Reuters spoke to seven parishioners who were sticking by the convicted priest.
The priest, who cannot be named under Polish law, is now on trial again, charged with molesting another child. His lawyer, Marek Tokarczyk, said he denies the allegations.
Similar scandals have shaken the Catholic church and split communities in the United States, Ireland, Australia and elsewhere.
But the divisions are particularly stark in Poland said Marek Lisinski, the director of “Have no fear”, a group that advocates for victims of clerical abuse.
Poland is one of Europe’s most devout nations and, says Lisinski, parishioners often side with priests and ostracise victims and their families.
In October, “Have no fear” published a map that revealed the scale of the issue. It used black crosses to mark places where 60 priests had been convicted of abuses dating back to 1956.
Afterwards, said Lisinski, people called in to report another 300 cases of suspected abuse by priests which they had not raised with the church or police for fear they would be doubted or shunned.
In October, a Polish court of appeal upheld a landmark ruling which granted a million zloty ($260,000) in compensation to a woman abused by a priest as a child.
In a November statement, Poland’s bishops asked victims of clerical abuse for forgiveness and said the Church had begun collecting data to “identify the causes of these deeds and assess their scale”.
Archbishop Wojciech Polak, the primate of Poland, told Reuters the Church will publish its findings within six months.
Polak encouraged victims of clerical abuse to talk to their bishops and said clerical abuse “will never be swept under the carpet.”
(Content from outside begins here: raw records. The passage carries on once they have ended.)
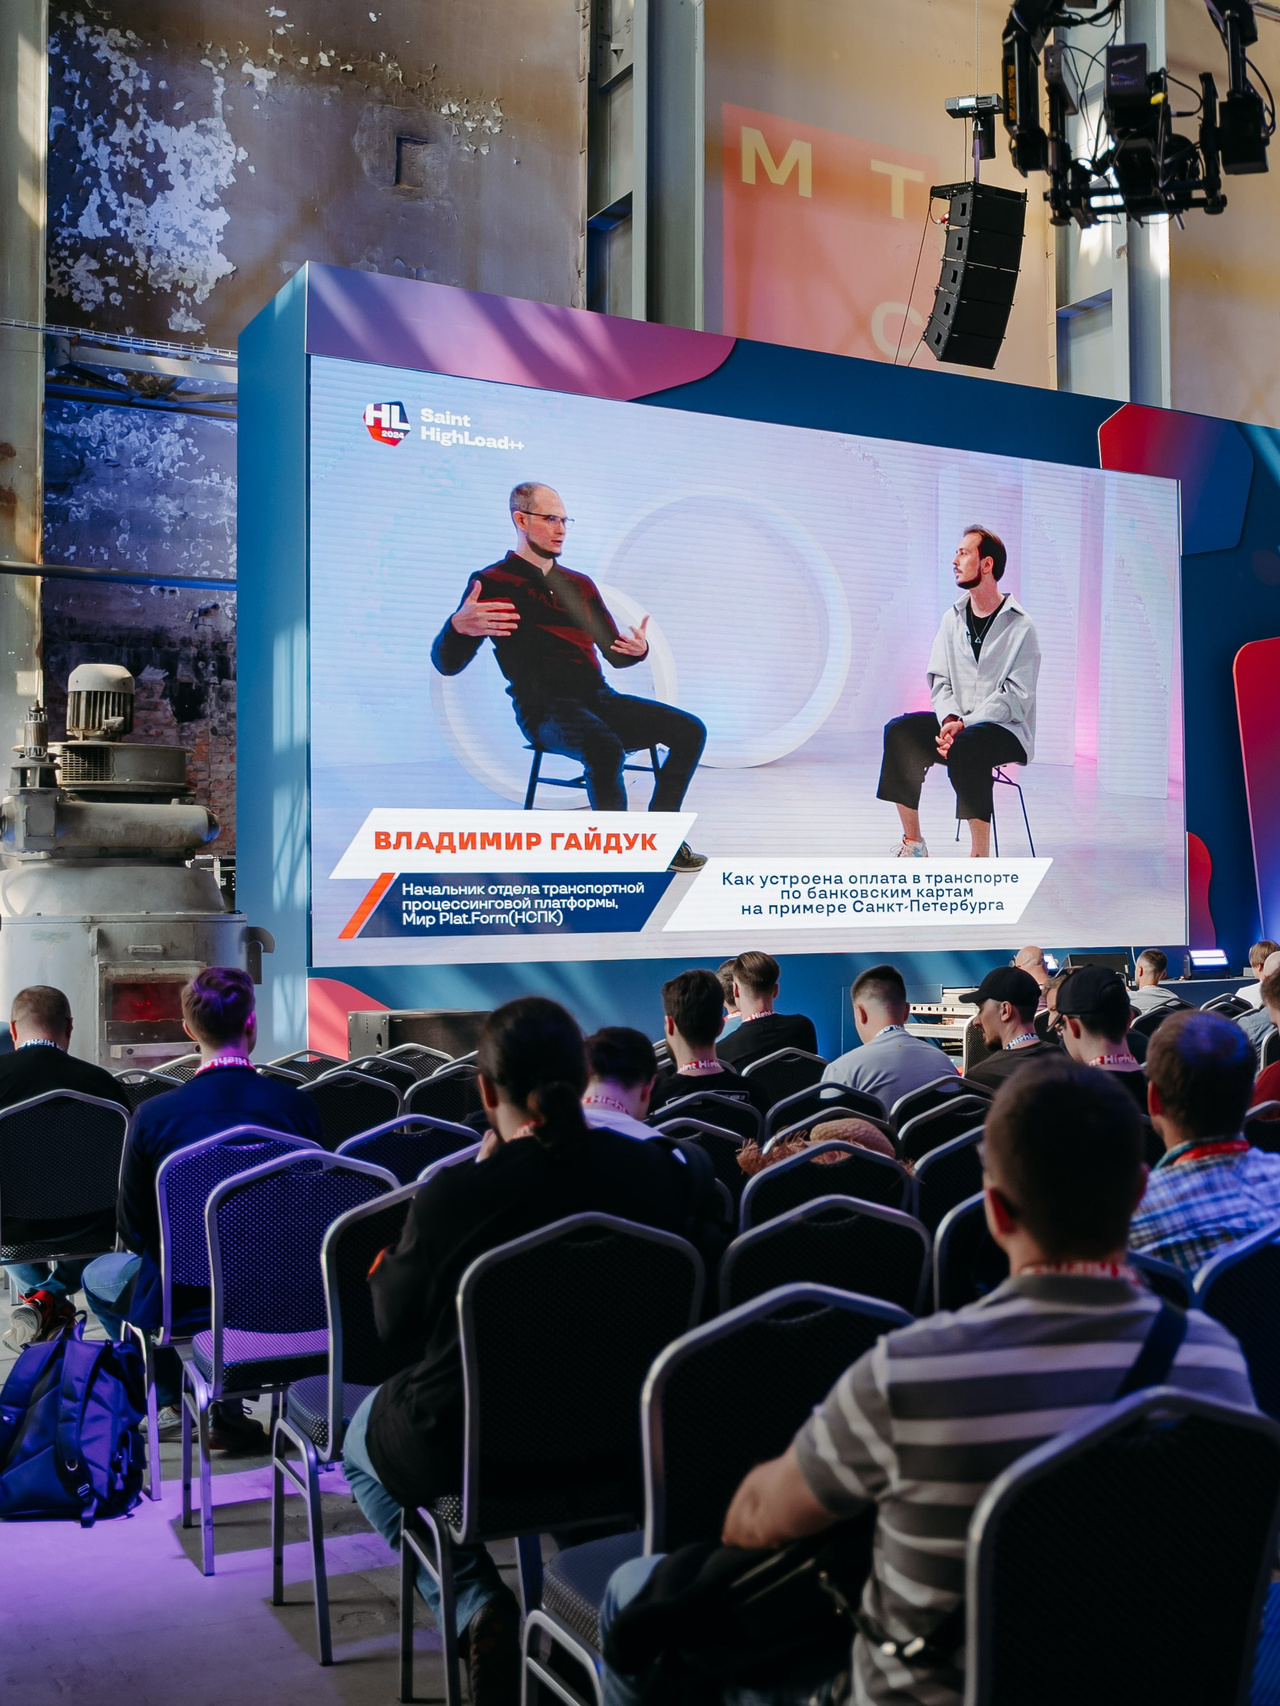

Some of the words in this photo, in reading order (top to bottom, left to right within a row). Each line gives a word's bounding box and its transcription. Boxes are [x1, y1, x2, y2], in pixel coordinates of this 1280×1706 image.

[365, 403, 411, 430] HL
[421, 408, 471, 427] Saint
[381, 430, 405, 439] 2024
[421, 426, 524, 450] HighLoad++
[374, 831, 542, 854] ВЛАДИМИР
[550, 827, 658, 854] ГАЙДУК
[402, 883, 485, 895] Начальник
[488, 884, 540, 896] отдела
[542, 882, 645, 896] транспортной
[722, 872, 755, 886] Как
[759, 874, 844, 889] устроена
[848, 873, 908, 885] оплата
[912, 873, 921, 884] в
[925, 872, 1019, 887] транспорте
[781, 888, 802, 899] по
[807, 885, 912, 899] банковским
[916, 887, 974, 900] картам
[402, 898, 532, 911] процессинговой
[534, 896, 618, 911] платформы,
[742, 903, 763, 915] на
[768, 902, 847, 917] примере
[852, 899, 1005, 915] Санкт-Петербурга
[402, 912, 436, 927] Мир
[439, 909, 563, 926] Plat.Form(НСПК)
He said he was aware the issue had caused rifts in some communities. “Uncovering evil, acting against evil leads to redemption, serves to purify,” he said.
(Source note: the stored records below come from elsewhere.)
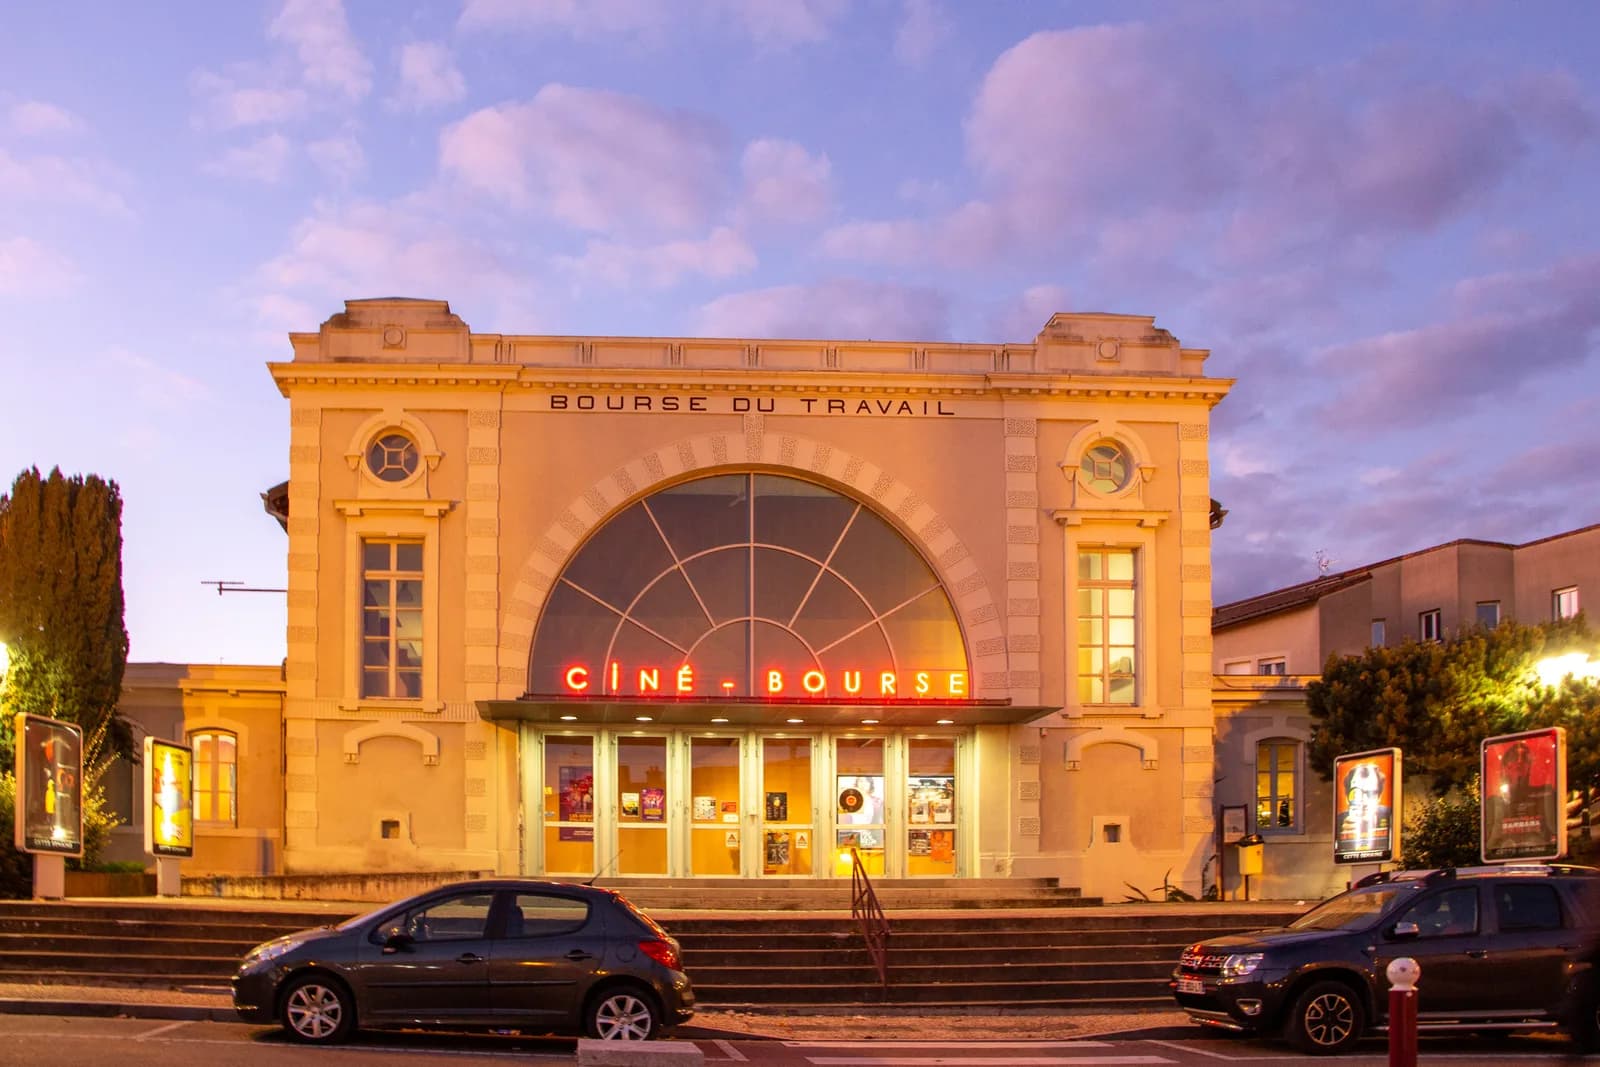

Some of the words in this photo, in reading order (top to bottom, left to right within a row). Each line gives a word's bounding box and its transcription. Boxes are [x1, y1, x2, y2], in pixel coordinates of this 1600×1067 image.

[551, 395, 707, 413] BOURSE
[733, 397, 775, 413] DU
[801, 398, 956, 415] TRAVAIL
[566, 662, 693, 692] CINÉ
[768, 669, 964, 695] BOURSE
Senior bishops from around the world will meet Pope Francis at a conference in the Vatican in February to discuss protection of minors. Conference organisers have said everyone must be held accountable or the Church risks losing credibility worldwide.
The issue could also have political ramifications in Poland, observers say. The country is due to elect a new parliament by December 2019.
The ruling Law and Justice (PiS) party won power in 2015 with a blend of patriotism and piety that echoed the religious nationalism of the Church. In October, a former PiS minister, Antoni Macierewicz, credited the Polish clergy with helping the party win local elections that month.
Joanna Scheuring-Wielgus, an MP for a small opposition party called Now, is seeking an independent inquiry into child abuse by priests because she says the Church cannot be relied upon to investigate itself. She says the idea has received no support from PiS or other big parties.
A PiS spokesperson did not respond to several requests asking if it did not support the idea of an inquiry. Ryszard Czarnecki, a PiS MP for the European Parliament, responded to Reuters by asking why the Church should be singled out.
Most Poles are Catholic, and more than a quarter of the population regularly attends Mass, according to a survey by Warsaw-based research centre, the Institute for Catholic Church Statistics, which showed a slight decline from 2015 to 2016.
Most children attend religious classes, but their numbers are dropping, too. In Lodz, Poland’s third-largest city, the numbers fell from 80 percent in 2015 to fewer than 50 percent now, according to local government data quoted by the daily Dziennik Lodzki. — Reuters
Two Vatican officials charged with investigating accusations of sexual abuse by clergy will visit Mexico for a fact-finding mission later this month, the Church said on Tuesday (March 3).
Archbishop Charles Scicluna and Monsignor Jordi Bertomeu will meet with church leaders and alleged victims during their week-long visit to the world’s second largest Roman Catholic country, the Mexican bishops’ conference said.
Auxiliary Bishop Alfonso Miranda Guardiola, general secretary of the bishops’ conference, told a news conference in Mexico City that the Church had requested aid from the Vatican in order to help the youngest and most vulnerable in Mexico.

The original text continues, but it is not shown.